Former F1 racer Karthikeyan, who had never won a Super GT race before this weekend, beat 2013 FIA World Endurance champion Duval to the line by a gap of 0.935 seconds.
The Indian driver started from second in his Honda behind Duval who inherited pole from Daisuke Nakajima, who was penalized for a chassis change earlier in the weekend.
But Duval couldn’t hold his pole advantage for long and was running fourth behind Rast, Karthikeyan and Yamamoto when he picked up a puncture which left enough debris to trigger the first of three Safety Car periods.
Audi’s drama was then compounded when Rast picked up a puncture of his own to enable Karthikeyan to take a net lead that he would ultimately convert into victory.

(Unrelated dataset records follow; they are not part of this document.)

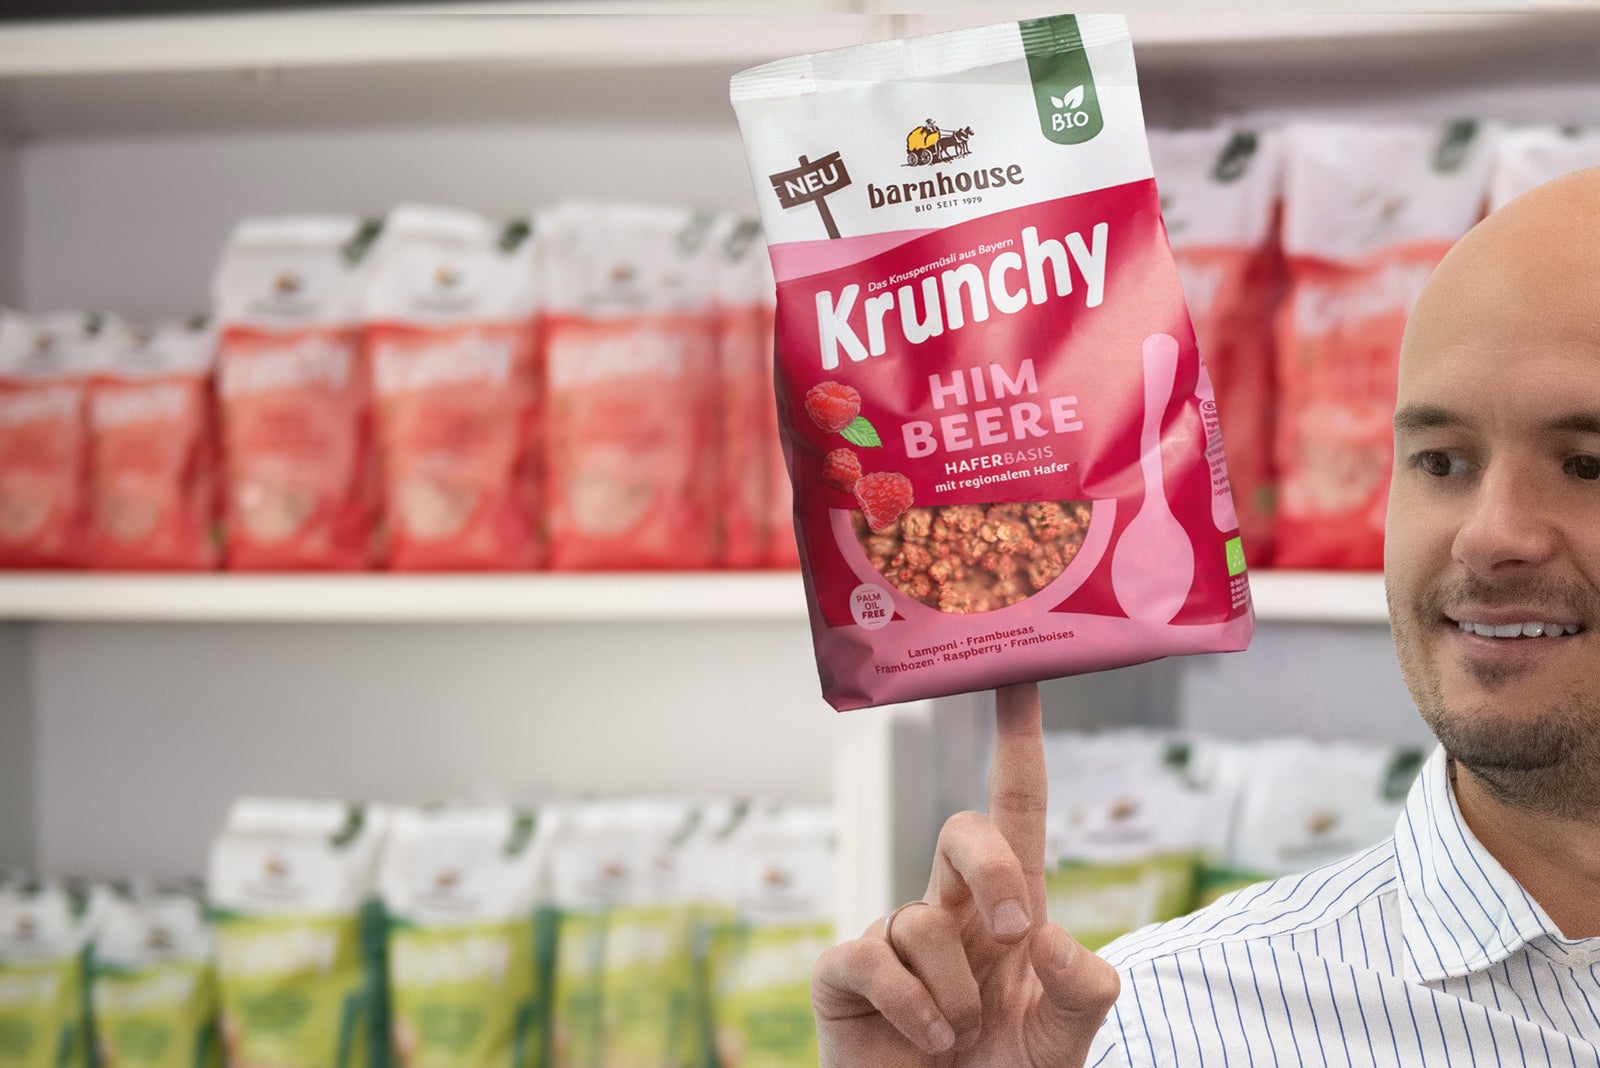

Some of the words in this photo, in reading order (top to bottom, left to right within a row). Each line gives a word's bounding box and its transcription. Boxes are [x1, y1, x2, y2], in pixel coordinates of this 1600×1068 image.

[1052, 110, 1089, 132] BIO
[784, 163, 839, 199] NEU
[867, 164, 1025, 209] barnhouse
[915, 204, 933, 213] BIO
[936, 199, 959, 209] SEIT
[962, 196, 983, 206] 1979
[867, 280, 887, 292] Das
[889, 252, 957, 285] Knuspermüsli
[958, 249, 977, 261] aus
[978, 239, 1014, 255] Bayern
[815, 222, 1109, 371] Krunchy
[928, 358, 1038, 410] HIM
[901, 395, 1083, 459] BEERE
[935, 478, 957, 493] mit
[959, 469, 1031, 490] regionalem
[1034, 462, 1070, 477] Hafer
[945, 445, 1054, 476] HAFERBASIS
[856, 593, 882, 603] PALM
[862, 609, 886, 619] FREE
[864, 601, 880, 610] OIL
[875, 658, 935, 675] Frambozen
[943, 643, 1002, 663] Raspberry
[1010, 630, 1075, 649] Framboises
[908, 639, 959, 659] Lamponi
[966, 625, 1035, 646] Frambuesas

The debris from Rast’s tire delamination on the main straight resulted in another Safety Car, which in part helped Duval to recover because of the field bunching up.

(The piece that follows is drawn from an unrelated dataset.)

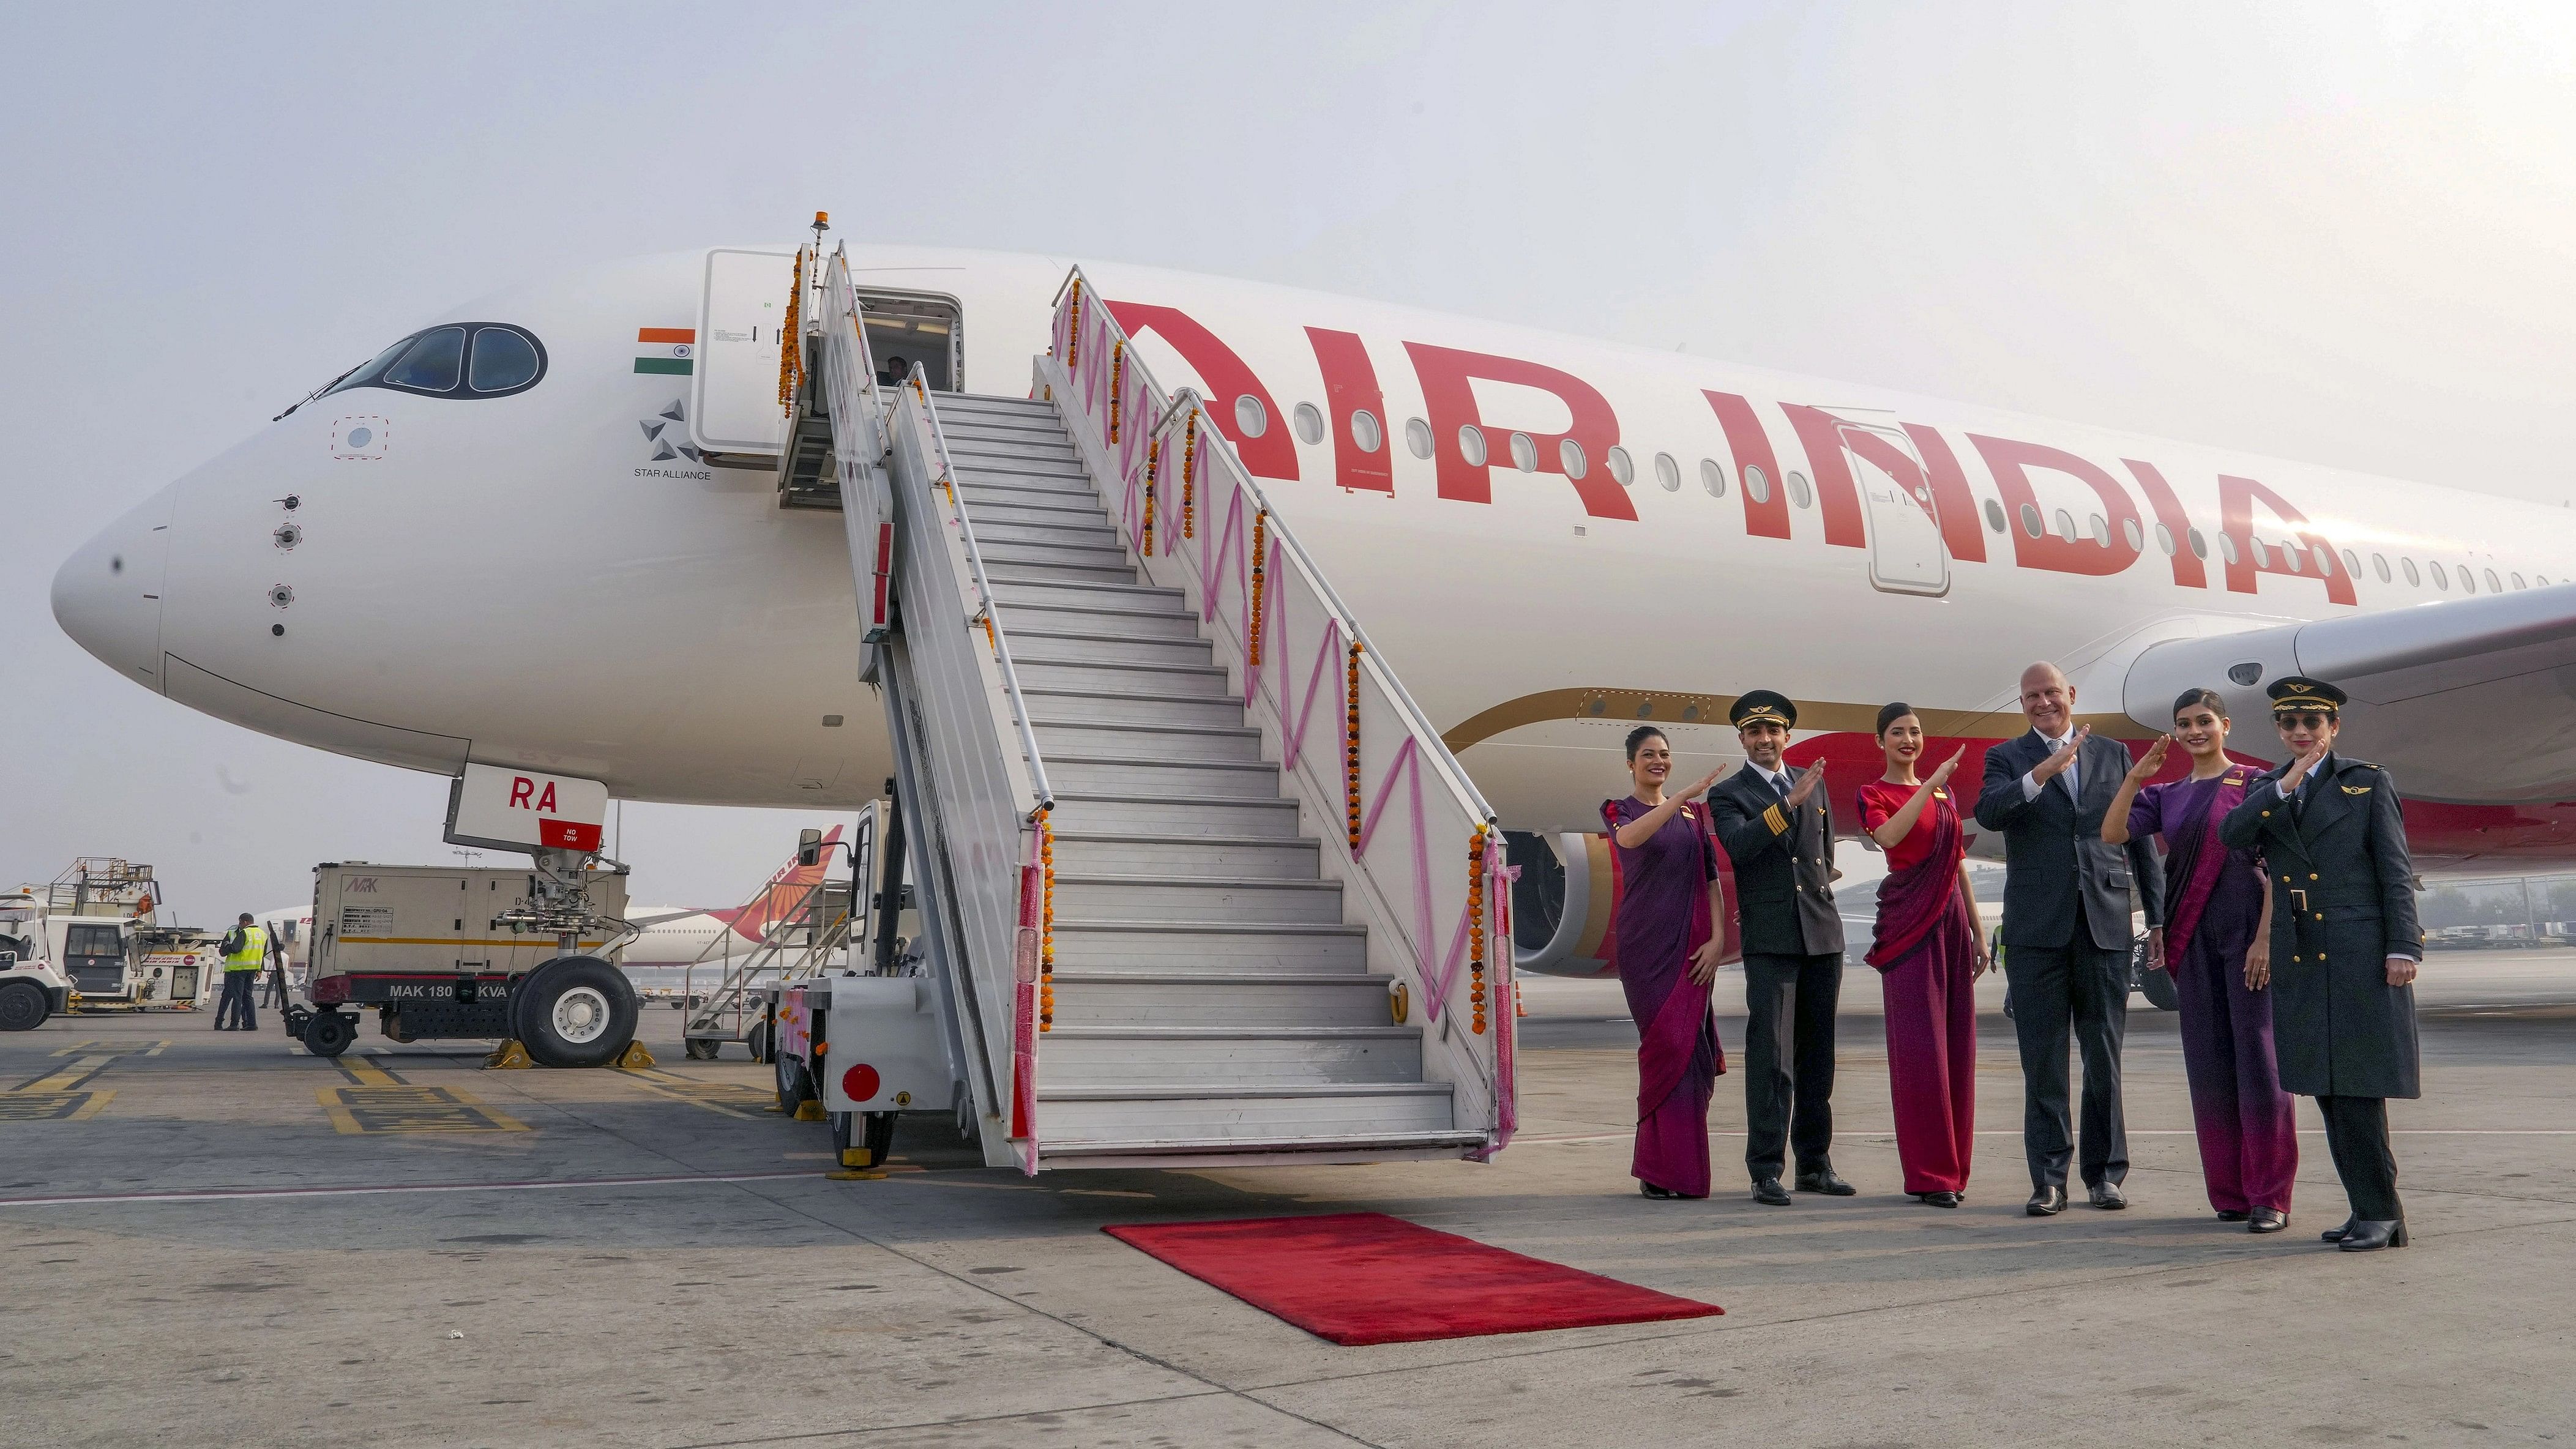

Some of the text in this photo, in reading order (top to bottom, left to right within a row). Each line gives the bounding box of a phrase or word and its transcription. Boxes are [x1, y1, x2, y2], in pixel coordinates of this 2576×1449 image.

[1102, 299, 2358, 607] AIR INDIA
[634, 468, 711, 480] STAR ALLIANCE
[509, 776, 556, 813] RA
[390, 985, 507, 997] MAK 180 KVA

The Frenchman was then forced to thread the needle through a multi-car accident that caused the third and final Safety Car to set up a single-lap dash to the checkered flag.
Karthikeyan led the field to green while Wittmann slotted into second and Duval ran in third having got past Kamui Kobayashi’s BMW M4 DTM.
A determined Duval latched onto Wittmann’s tail and made a brilliant move down the inside into the penultimate left-hander before the pair ran side-by-side through the last corner.
Wittmann forced Duval out wide but the Audi had a greater drive coming off the final bend and powered past the BMW to reach the line first.
However, Duval received a one-second penalty for his aggressive final move which reversed the two DTM aces in the final classification.
Behind the battling pair in fourth was 2018 Super GT champion Yamamoto for Honda, while Kobayashi finished fifth ahead of Nakajima.
Audi’s Mike Rockenfeller took the checkered flag in sixth, ahead of Ryo Hirakawa (Lexus), Rene Rast (Audi), Benoit Treluyer (Audi) and Tsugio Matsuda (Nissan).